What the exercise asks —
In the records below, take the line containing "this 1200×1600 image." and reproduce it and every subsequent line exactly, adding nothing.

============================================================

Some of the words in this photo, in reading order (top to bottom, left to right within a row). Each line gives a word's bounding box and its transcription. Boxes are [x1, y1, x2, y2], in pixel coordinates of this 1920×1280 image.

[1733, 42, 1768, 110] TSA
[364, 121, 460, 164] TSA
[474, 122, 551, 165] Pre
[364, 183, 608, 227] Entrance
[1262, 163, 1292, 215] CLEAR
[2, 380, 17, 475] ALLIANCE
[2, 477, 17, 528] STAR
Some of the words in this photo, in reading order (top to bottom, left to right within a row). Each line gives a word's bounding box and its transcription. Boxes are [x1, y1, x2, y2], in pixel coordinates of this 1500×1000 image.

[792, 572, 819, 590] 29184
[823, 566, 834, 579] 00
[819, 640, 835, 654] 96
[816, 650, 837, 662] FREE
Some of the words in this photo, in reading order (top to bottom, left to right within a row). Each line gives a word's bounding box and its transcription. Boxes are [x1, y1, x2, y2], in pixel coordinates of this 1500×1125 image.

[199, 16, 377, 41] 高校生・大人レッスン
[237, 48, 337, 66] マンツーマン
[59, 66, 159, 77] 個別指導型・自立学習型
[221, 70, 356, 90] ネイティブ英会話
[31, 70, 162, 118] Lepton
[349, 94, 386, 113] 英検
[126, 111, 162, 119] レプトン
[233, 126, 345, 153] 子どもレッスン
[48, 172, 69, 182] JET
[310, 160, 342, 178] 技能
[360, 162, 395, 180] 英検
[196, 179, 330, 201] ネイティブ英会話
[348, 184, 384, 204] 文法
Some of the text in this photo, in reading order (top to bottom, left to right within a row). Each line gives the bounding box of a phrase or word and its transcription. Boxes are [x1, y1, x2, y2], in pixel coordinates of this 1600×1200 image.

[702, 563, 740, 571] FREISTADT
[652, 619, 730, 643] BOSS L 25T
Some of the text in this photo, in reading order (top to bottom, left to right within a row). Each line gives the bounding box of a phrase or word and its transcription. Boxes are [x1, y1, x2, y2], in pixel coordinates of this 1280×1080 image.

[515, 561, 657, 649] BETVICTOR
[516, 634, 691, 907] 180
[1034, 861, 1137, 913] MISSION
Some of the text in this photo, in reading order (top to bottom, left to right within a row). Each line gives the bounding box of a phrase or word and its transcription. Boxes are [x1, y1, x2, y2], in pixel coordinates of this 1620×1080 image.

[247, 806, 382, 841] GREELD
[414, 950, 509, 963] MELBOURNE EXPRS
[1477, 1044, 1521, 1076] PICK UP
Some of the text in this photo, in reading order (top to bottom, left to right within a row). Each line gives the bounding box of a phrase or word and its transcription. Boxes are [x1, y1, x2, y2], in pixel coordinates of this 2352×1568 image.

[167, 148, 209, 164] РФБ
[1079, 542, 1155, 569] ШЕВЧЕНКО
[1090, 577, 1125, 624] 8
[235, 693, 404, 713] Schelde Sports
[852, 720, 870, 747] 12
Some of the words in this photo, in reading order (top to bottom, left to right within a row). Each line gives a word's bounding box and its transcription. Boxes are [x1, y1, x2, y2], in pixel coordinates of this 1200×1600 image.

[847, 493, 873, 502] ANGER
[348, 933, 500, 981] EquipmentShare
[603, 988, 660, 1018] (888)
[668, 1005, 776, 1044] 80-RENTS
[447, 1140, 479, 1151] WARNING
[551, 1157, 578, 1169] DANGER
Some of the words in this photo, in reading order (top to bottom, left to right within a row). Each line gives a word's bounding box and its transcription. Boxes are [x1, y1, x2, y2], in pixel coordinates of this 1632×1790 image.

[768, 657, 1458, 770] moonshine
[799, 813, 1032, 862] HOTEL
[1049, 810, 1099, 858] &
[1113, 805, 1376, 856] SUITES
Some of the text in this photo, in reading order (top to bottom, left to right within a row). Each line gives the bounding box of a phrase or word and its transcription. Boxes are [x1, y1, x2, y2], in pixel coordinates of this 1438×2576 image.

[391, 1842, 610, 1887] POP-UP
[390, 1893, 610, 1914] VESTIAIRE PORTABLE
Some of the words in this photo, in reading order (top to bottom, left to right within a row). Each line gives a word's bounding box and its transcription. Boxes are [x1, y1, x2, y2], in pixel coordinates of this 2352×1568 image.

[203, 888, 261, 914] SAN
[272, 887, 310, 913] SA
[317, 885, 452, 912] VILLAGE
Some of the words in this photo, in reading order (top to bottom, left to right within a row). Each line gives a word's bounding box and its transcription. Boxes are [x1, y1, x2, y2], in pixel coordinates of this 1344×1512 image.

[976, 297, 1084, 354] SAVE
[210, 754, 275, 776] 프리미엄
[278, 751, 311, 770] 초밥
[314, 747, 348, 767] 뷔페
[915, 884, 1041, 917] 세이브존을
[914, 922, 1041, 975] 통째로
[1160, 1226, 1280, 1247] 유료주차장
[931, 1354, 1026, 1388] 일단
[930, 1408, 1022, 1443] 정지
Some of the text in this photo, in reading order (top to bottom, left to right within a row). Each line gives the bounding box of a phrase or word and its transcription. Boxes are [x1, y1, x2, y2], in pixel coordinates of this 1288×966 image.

============================================================

Exercise response —
Some of the words in this photo, in reading order (top to bottom, left to right within a row). Each line gives a word's bounding box and its transcription. Boxes are [x1, y1, x2, y2], in pixel coordinates of this 1200×1600 image.

[847, 493, 873, 502] ANGER
[348, 933, 500, 981] EquipmentShare
[603, 988, 660, 1018] (888)
[668, 1005, 776, 1044] 80-RENTS
[447, 1140, 479, 1151] WARNING
[551, 1157, 578, 1169] DANGER
Some of the words in this photo, in reading order (top to bottom, left to right within a row). Each line gives a word's bounding box and its transcription. Boxes are [x1, y1, x2, y2], in pixel coordinates of this 1632×1790 image.

[768, 657, 1458, 770] moonshine
[799, 813, 1032, 862] HOTEL
[1049, 810, 1099, 858] &
[1113, 805, 1376, 856] SUITES
Some of the text in this photo, in reading order (top to bottom, left to right within a row). Each line gives the bounding box of a phrase or word and its transcription. Boxes are [x1, y1, x2, y2], in pixel coordinates of this 1438×2576 image.

[391, 1842, 610, 1887] POP-UP
[390, 1893, 610, 1914] VESTIAIRE PORTABLE
Some of the words in this photo, in reading order (top to bottom, left to right within a row). Each line gives a word's bounding box and its transcription. Boxes are [x1, y1, x2, y2], in pixel coordinates of this 2352×1568 image.

[203, 888, 261, 914] SAN
[272, 887, 310, 913] SA
[317, 885, 452, 912] VILLAGE
Some of the words in this photo, in reading order (top to bottom, left to right within a row). Each line gives a word's bounding box and its transcription. Boxes are [x1, y1, x2, y2], in pixel coordinates of this 1344×1512 image.

[976, 297, 1084, 354] SAVE
[210, 754, 275, 776] 프리미엄
[278, 751, 311, 770] 초밥
[314, 747, 348, 767] 뷔페
[915, 884, 1041, 917] 세이브존을
[914, 922, 1041, 975] 통째로
[1160, 1226, 1280, 1247] 유료주차장
[931, 1354, 1026, 1388] 일단
[930, 1408, 1022, 1443] 정지
Some of the text in this photo, in reading order (top to bottom, left to right within a row). Each line gives the bounding box of a phrase or word and its transcription. Boxes are [x1, y1, x2, y2], in pixel coordinates of this 1288×966 image.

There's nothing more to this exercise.